Reproduce the data exactly and drop any pictures it holds.
-- MATERIAL TO PROCESS follows --
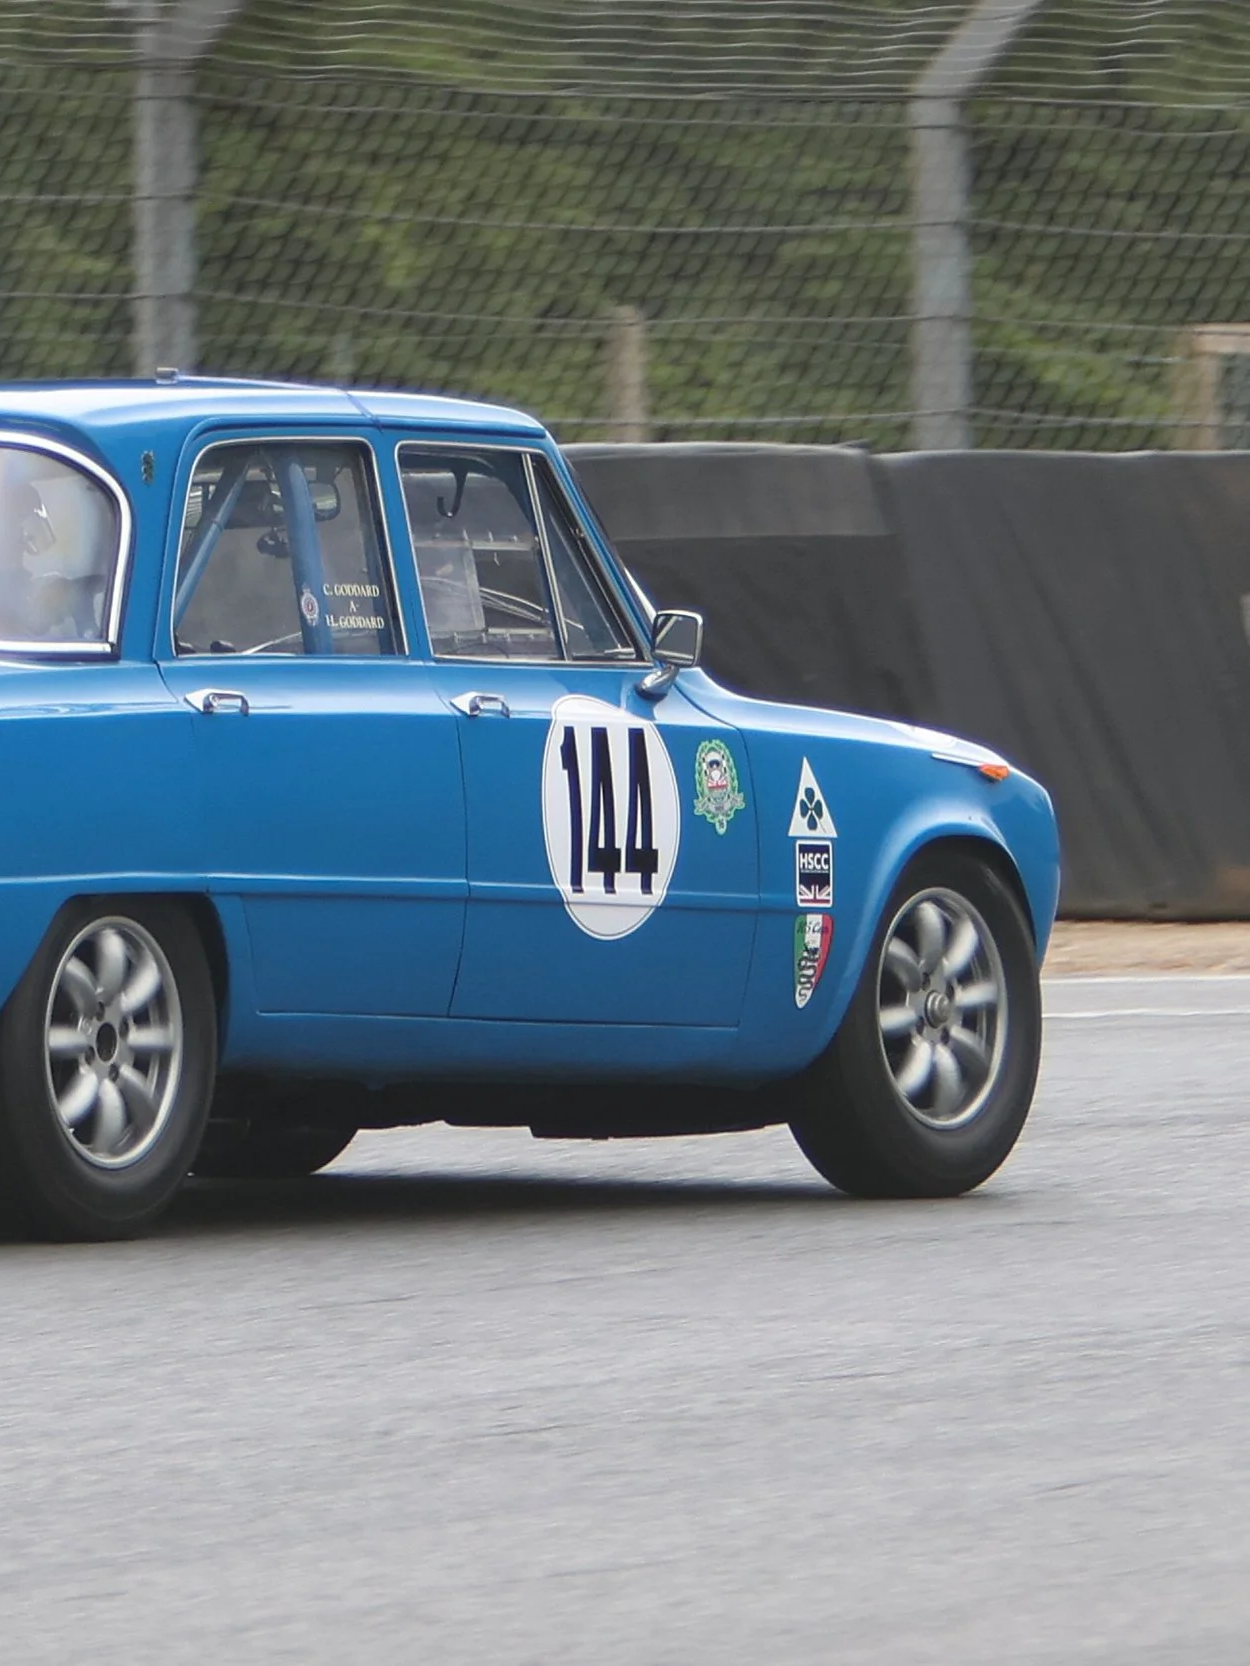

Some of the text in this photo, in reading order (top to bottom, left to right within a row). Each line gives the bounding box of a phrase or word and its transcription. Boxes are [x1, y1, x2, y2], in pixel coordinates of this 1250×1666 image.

[323, 583, 380, 597] C. GODDARD
[339, 615, 385, 629] GODDARD
[560, 725, 659, 896] 144
[799, 852, 829, 870] HSCC
-- MATERIAL TO PROCESS concluded --
● ANSWER TO THE PROBLEM:
Some of the text in this photo, in reading order (top to bottom, left to right within a row). Each line gives the bounding box of a phrase or word and its transcription. Boxes are [x1, y1, x2, y2], in pixel coordinates of this 1250×1666 image.

[323, 583, 380, 597] C. GODDARD
[339, 615, 385, 629] GODDARD
[560, 725, 659, 896] 144
[799, 852, 829, 870] HSCC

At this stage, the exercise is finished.